Task prompt — Set down all the data again. Change nothing.

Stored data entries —
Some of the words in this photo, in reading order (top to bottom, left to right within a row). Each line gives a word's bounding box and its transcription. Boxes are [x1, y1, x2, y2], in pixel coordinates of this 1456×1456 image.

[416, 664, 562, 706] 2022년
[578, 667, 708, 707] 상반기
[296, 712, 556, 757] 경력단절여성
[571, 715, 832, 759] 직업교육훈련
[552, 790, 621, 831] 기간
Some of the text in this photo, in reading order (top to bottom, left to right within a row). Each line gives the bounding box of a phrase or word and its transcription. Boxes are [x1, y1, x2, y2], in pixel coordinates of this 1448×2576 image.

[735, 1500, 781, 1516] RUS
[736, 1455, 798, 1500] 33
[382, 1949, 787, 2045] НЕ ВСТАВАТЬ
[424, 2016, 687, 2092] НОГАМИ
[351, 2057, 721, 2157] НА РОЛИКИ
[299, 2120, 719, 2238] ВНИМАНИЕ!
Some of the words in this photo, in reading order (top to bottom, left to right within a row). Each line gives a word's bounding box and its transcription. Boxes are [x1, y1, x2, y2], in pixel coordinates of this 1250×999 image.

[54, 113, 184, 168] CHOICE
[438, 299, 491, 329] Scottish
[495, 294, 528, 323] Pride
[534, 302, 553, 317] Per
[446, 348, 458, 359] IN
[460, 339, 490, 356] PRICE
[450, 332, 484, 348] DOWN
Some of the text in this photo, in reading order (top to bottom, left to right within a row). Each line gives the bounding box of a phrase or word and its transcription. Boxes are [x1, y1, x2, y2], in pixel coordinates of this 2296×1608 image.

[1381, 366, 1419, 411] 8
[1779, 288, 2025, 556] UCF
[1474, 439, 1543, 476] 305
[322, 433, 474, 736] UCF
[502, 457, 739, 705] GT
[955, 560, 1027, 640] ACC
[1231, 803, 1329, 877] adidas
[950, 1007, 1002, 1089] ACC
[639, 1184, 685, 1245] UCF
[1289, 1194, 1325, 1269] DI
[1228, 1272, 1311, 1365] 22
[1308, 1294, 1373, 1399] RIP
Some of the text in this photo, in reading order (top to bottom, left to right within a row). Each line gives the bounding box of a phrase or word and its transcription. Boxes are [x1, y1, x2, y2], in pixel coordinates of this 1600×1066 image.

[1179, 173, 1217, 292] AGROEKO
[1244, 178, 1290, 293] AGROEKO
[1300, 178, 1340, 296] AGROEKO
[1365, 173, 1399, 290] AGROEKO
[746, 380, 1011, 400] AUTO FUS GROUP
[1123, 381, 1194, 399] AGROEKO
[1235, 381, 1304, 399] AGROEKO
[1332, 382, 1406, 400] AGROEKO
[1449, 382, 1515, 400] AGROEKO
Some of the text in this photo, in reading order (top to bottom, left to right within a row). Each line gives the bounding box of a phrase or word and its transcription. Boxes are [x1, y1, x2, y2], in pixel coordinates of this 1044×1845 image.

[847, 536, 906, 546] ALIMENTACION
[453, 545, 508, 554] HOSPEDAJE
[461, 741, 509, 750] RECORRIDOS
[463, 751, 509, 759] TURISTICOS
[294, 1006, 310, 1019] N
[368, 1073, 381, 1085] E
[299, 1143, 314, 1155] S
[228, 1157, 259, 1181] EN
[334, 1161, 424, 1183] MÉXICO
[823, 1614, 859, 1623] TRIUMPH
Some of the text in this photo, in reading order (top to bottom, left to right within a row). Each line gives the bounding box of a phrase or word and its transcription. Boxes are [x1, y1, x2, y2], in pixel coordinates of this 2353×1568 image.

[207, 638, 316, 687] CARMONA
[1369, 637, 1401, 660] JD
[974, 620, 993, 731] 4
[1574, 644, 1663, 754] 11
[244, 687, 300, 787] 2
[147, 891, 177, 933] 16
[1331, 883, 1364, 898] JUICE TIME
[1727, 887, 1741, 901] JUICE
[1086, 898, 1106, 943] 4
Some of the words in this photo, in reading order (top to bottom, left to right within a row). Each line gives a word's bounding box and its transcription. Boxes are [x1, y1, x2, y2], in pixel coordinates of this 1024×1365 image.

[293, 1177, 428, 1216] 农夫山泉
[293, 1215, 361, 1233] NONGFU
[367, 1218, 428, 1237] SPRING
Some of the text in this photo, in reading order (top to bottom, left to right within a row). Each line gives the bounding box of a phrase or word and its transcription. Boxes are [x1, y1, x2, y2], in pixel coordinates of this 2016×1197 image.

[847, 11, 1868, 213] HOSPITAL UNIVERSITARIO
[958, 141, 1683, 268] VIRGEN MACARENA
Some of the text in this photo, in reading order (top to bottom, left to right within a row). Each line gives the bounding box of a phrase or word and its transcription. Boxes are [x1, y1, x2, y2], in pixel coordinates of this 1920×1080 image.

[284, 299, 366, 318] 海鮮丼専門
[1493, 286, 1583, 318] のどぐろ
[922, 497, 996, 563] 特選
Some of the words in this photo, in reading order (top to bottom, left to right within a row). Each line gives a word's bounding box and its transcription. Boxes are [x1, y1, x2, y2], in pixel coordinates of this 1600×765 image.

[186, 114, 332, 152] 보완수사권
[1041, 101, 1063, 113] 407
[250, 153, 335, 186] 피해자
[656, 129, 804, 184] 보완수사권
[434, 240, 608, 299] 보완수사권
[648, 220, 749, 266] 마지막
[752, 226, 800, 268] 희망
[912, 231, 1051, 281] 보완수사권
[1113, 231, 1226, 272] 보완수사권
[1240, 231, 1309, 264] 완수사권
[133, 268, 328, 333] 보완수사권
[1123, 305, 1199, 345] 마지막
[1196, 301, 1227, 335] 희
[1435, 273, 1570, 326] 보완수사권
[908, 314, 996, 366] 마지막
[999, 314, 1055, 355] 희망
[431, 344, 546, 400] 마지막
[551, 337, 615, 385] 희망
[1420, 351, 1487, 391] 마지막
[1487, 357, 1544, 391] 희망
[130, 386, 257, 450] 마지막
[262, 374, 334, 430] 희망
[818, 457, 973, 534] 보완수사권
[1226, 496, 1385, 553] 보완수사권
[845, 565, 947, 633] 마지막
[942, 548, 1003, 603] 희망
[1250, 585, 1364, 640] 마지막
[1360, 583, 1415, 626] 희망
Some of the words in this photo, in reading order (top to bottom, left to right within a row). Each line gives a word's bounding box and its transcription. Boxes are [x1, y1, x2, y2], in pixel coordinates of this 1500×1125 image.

Response box —
Some of the words in this photo, in reading order (top to bottom, left to right within a row). Each line gives a word's bounding box and its transcription. Boxes are [x1, y1, x2, y2], in pixel coordinates of this 1456×1456 image.

[416, 664, 562, 706] 2022년
[578, 667, 708, 707] 상반기
[296, 712, 556, 757] 경력단절여성
[571, 715, 832, 759] 직업교육훈련
[552, 790, 621, 831] 기간
Some of the text in this photo, in reading order (top to bottom, left to right within a row). Each line gives the bounding box of a phrase or word and its transcription. Boxes are [x1, y1, x2, y2], in pixel coordinates of this 1448×2576 image.

[735, 1500, 781, 1516] RUS
[736, 1455, 798, 1500] 33
[382, 1949, 787, 2045] НЕ ВСТАВАТЬ
[424, 2016, 687, 2092] НОГАМИ
[351, 2057, 721, 2157] НА РОЛИКИ
[299, 2120, 719, 2238] ВНИМАНИЕ!
Some of the words in this photo, in reading order (top to bottom, left to right within a row). Each line gives a word's bounding box and its transcription. Boxes are [x1, y1, x2, y2], in pixel coordinates of this 1250×999 image.

[54, 113, 184, 168] CHOICE
[438, 299, 491, 329] Scottish
[495, 294, 528, 323] Pride
[534, 302, 553, 317] Per
[446, 348, 458, 359] IN
[460, 339, 490, 356] PRICE
[450, 332, 484, 348] DOWN
Some of the text in this photo, in reading order (top to bottom, left to right within a row). Each line gives the bounding box of a phrase or word and its transcription. Boxes are [x1, y1, x2, y2], in pixel coordinates of this 2296×1608 image.

[1381, 366, 1419, 411] 8
[1779, 288, 2025, 556] UCF
[1474, 439, 1543, 476] 305
[322, 433, 474, 736] UCF
[502, 457, 739, 705] GT
[955, 560, 1027, 640] ACC
[1231, 803, 1329, 877] adidas
[950, 1007, 1002, 1089] ACC
[639, 1184, 685, 1245] UCF
[1289, 1194, 1325, 1269] DI
[1228, 1272, 1311, 1365] 22
[1308, 1294, 1373, 1399] RIP
Some of the text in this photo, in reading order (top to bottom, left to right within a row). Each line gives the bounding box of a phrase or word and its transcription. Boxes are [x1, y1, x2, y2], in pixel coordinates of this 1600×1066 image.

[1179, 173, 1217, 292] AGROEKO
[1244, 178, 1290, 293] AGROEKO
[1300, 178, 1340, 296] AGROEKO
[1365, 173, 1399, 290] AGROEKO
[746, 380, 1011, 400] AUTO FUS GROUP
[1123, 381, 1194, 399] AGROEKO
[1235, 381, 1304, 399] AGROEKO
[1332, 382, 1406, 400] AGROEKO
[1449, 382, 1515, 400] AGROEKO
Some of the text in this photo, in reading order (top to bottom, left to right within a row). Each line gives the bounding box of a phrase or word and its transcription. Boxes are [x1, y1, x2, y2], in pixel coordinates of this 1044×1845 image.

[847, 536, 906, 546] ALIMENTACION
[453, 545, 508, 554] HOSPEDAJE
[461, 741, 509, 750] RECORRIDOS
[463, 751, 509, 759] TURISTICOS
[294, 1006, 310, 1019] N
[368, 1073, 381, 1085] E
[299, 1143, 314, 1155] S
[228, 1157, 259, 1181] EN
[334, 1161, 424, 1183] MÉXICO
[823, 1614, 859, 1623] TRIUMPH
Some of the text in this photo, in reading order (top to bottom, left to right within a row). Each line gives the bounding box of a phrase or word and its transcription. Boxes are [x1, y1, x2, y2], in pixel coordinates of this 2353×1568 image.

[207, 638, 316, 687] CARMONA
[1369, 637, 1401, 660] JD
[974, 620, 993, 731] 4
[1574, 644, 1663, 754] 11
[244, 687, 300, 787] 2
[147, 891, 177, 933] 16
[1331, 883, 1364, 898] JUICE TIME
[1727, 887, 1741, 901] JUICE
[1086, 898, 1106, 943] 4
Some of the words in this photo, in reading order (top to bottom, left to right within a row). Each line gives a word's bounding box and its transcription. Boxes are [x1, y1, x2, y2], in pixel coordinates of this 1024×1365 image.

[293, 1177, 428, 1216] 农夫山泉
[293, 1215, 361, 1233] NONGFU
[367, 1218, 428, 1237] SPRING
Some of the text in this photo, in reading order (top to bottom, left to right within a row). Each line gives the bounding box of a phrase or word and its transcription. Boxes are [x1, y1, x2, y2], in pixel coordinates of this 2016×1197 image.

[847, 11, 1868, 213] HOSPITAL UNIVERSITARIO
[958, 141, 1683, 268] VIRGEN MACARENA
Some of the text in this photo, in reading order (top to bottom, left to right within a row). Each line gives the bounding box of a phrase or word and its transcription. Boxes are [x1, y1, x2, y2], in pixel coordinates of this 1920×1080 image.

[284, 299, 366, 318] 海鮮丼専門
[1493, 286, 1583, 318] のどぐろ
[922, 497, 996, 563] 特選
Some of the words in this photo, in reading order (top to bottom, left to right within a row). Each line gives a word's bounding box and its transcription. Boxes are [x1, y1, x2, y2], in pixel coordinates of this 1600×765 image.

[186, 114, 332, 152] 보완수사권
[1041, 101, 1063, 113] 407
[250, 153, 335, 186] 피해자
[656, 129, 804, 184] 보완수사권
[434, 240, 608, 299] 보완수사권
[648, 220, 749, 266] 마지막
[752, 226, 800, 268] 희망
[912, 231, 1051, 281] 보완수사권
[1113, 231, 1226, 272] 보완수사권
[1240, 231, 1309, 264] 완수사권
[133, 268, 328, 333] 보완수사권
[1123, 305, 1199, 345] 마지막
[1196, 301, 1227, 335] 희
[1435, 273, 1570, 326] 보완수사권
[908, 314, 996, 366] 마지막
[999, 314, 1055, 355] 희망
[431, 344, 546, 400] 마지막
[551, 337, 615, 385] 희망
[1420, 351, 1487, 391] 마지막
[1487, 357, 1544, 391] 희망
[130, 386, 257, 450] 마지막
[262, 374, 334, 430] 희망
[818, 457, 973, 534] 보완수사권
[1226, 496, 1385, 553] 보완수사권
[845, 565, 947, 633] 마지막
[942, 548, 1003, 603] 희망
[1250, 585, 1364, 640] 마지막
[1360, 583, 1415, 626] 희망
Some of the words in this photo, in reading order (top to bottom, left to right within a row). Each line gives a word's bounding box and its transcription. Boxes are [x1, y1, x2, y2], in pixel coordinates of this 1500×1125 image.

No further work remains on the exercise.